Healthcare provider Mercy Health, operating in northern Illinois and southern Wisconsin, has agreed to a $1.8 million settlement to resolve a class action lawsuit stemming from a 2020 data breach involving an employee’s unauthorized access to patient information. The settlement benefits individuals who received a notification from Mercy Health in December 2020 indicating their or their child’s information may have been improperly accessed.

The breach, disclosed by Mercy Health through a notification, occurred when a now-former employee accessed patient records without authorization. The plaintiffs in the lawsuit argued that Mercy Health could have prevented the incident with better cybersecurity and access control measures. Despite not admitting any wrongdoing, Mercy Health agreed to the settlement to address the claims.
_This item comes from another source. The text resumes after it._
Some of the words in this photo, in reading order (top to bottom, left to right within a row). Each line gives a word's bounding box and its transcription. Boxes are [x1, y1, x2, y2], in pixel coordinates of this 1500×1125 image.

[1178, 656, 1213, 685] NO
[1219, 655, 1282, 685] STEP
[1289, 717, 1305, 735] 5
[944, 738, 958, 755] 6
The settlement allows affected individuals to claim financial compensation. Class members are eligible for a flat payment of up to $90. Those who can document expenses related to the breach may receive an additional $300 in reimbursement.

Class members must submit a valid claim form by June 10, 2024, to benefit from the settlement. The deadline for exclusion and objection is also June 10, 2024. A final approval hearing for the settlement is scheduled for June 18, 2024.
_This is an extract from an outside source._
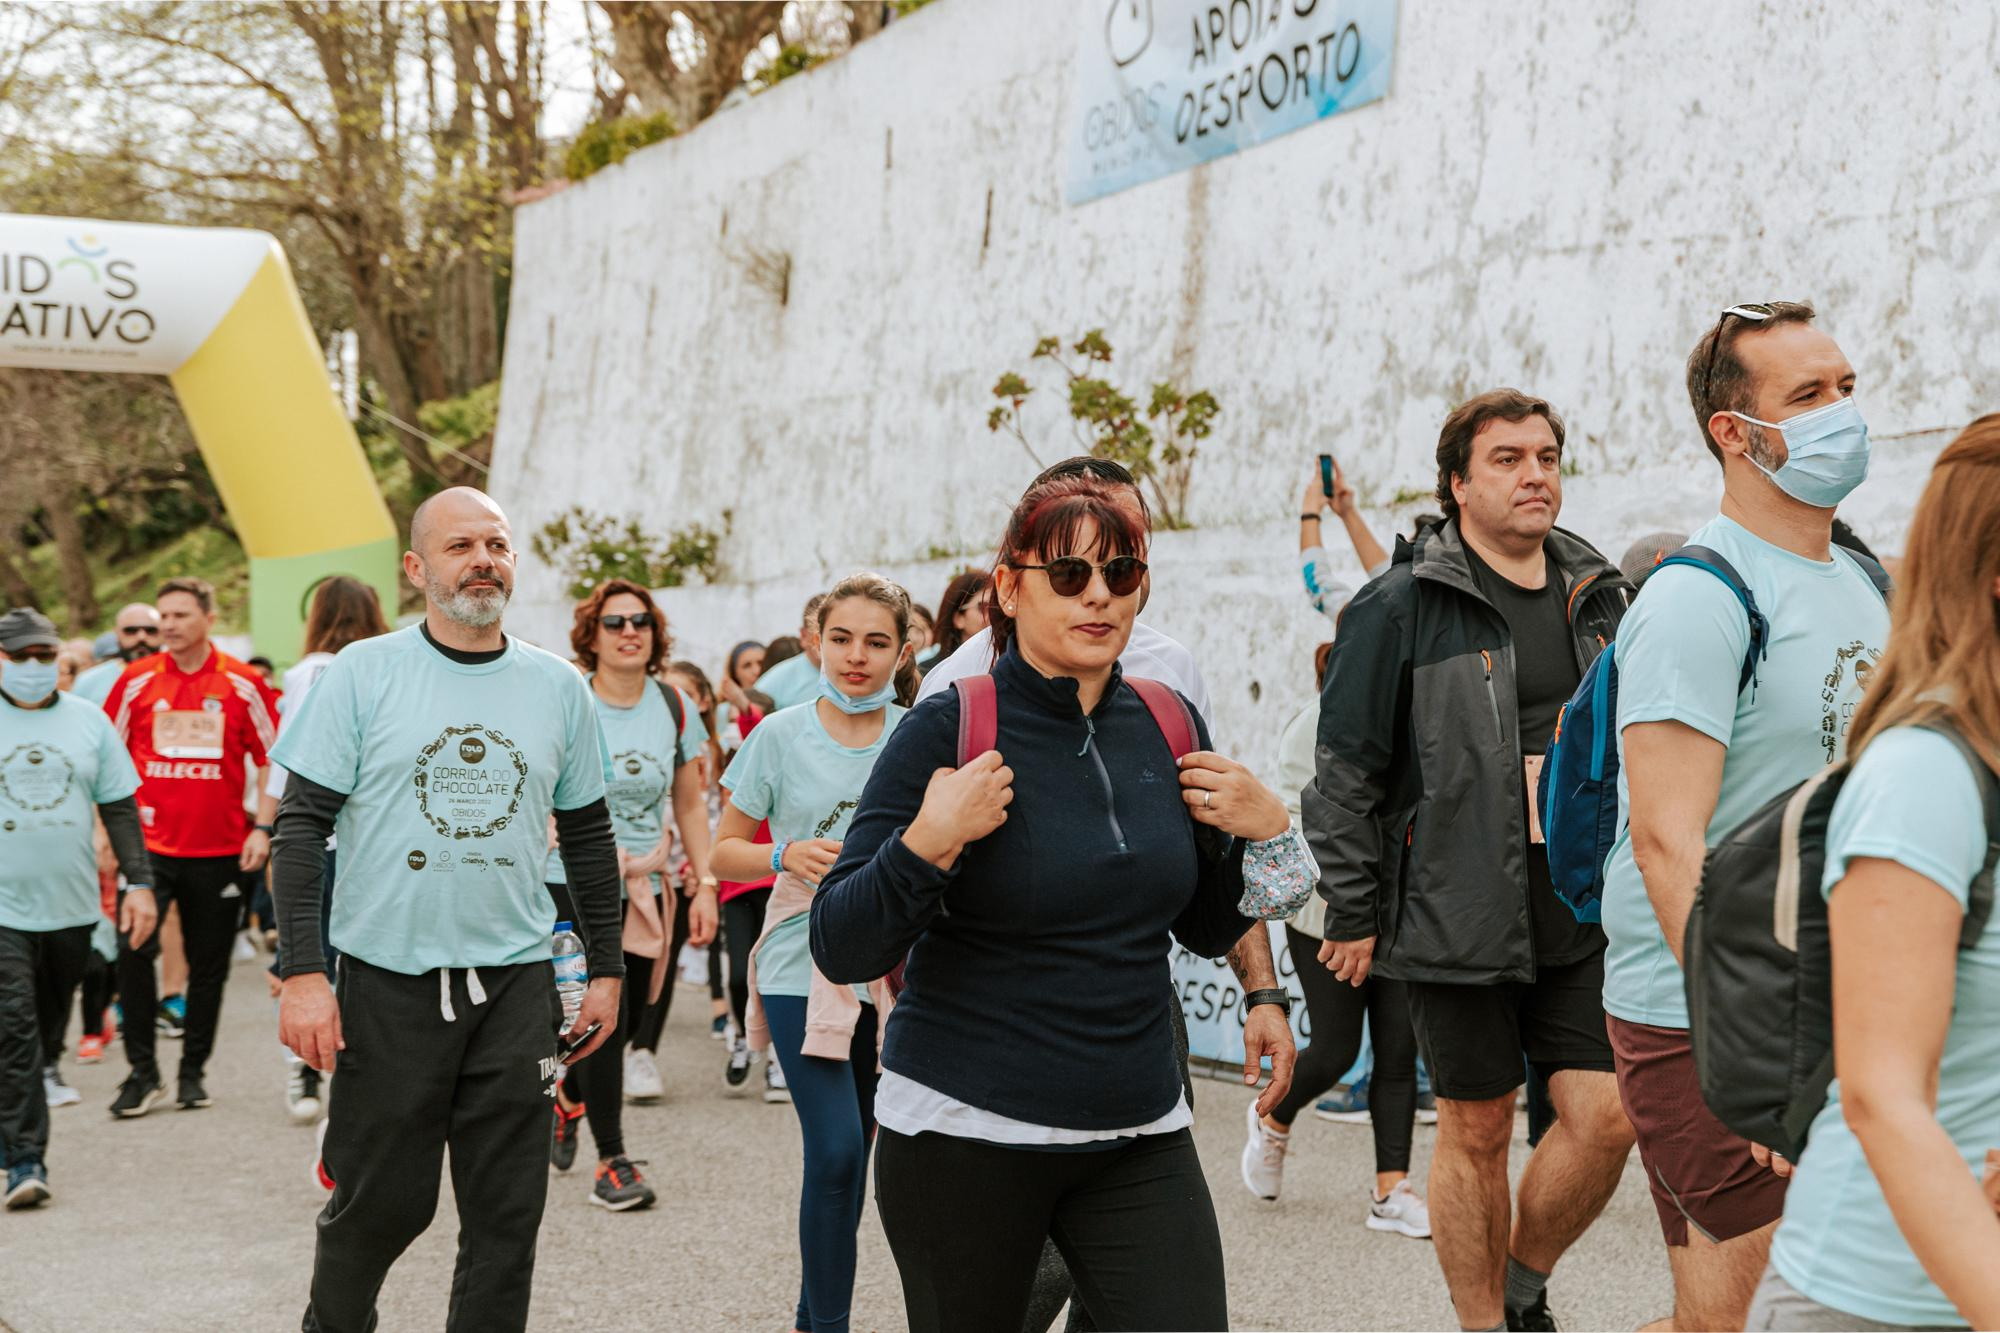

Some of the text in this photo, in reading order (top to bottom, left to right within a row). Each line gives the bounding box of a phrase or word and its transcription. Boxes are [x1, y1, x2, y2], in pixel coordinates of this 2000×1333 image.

[1173, 22, 1361, 144] DESPORTO
[433, 766, 511, 782] CORRIDA DO
[432, 781, 509, 795] CHOCOLATE
The settlement aims to compensate those affected by the breach and to resolve the legal issues surrounding Mercy Health’s data security practices. Individuals eligible for the settlement include those notified by Mercy Health in December 2020 about the potential unauthorized access to their information. Class members must provide proof of purchase, such as receipts, invoices, or account statements, to claim reimbursement for documented expenses related to the data breach.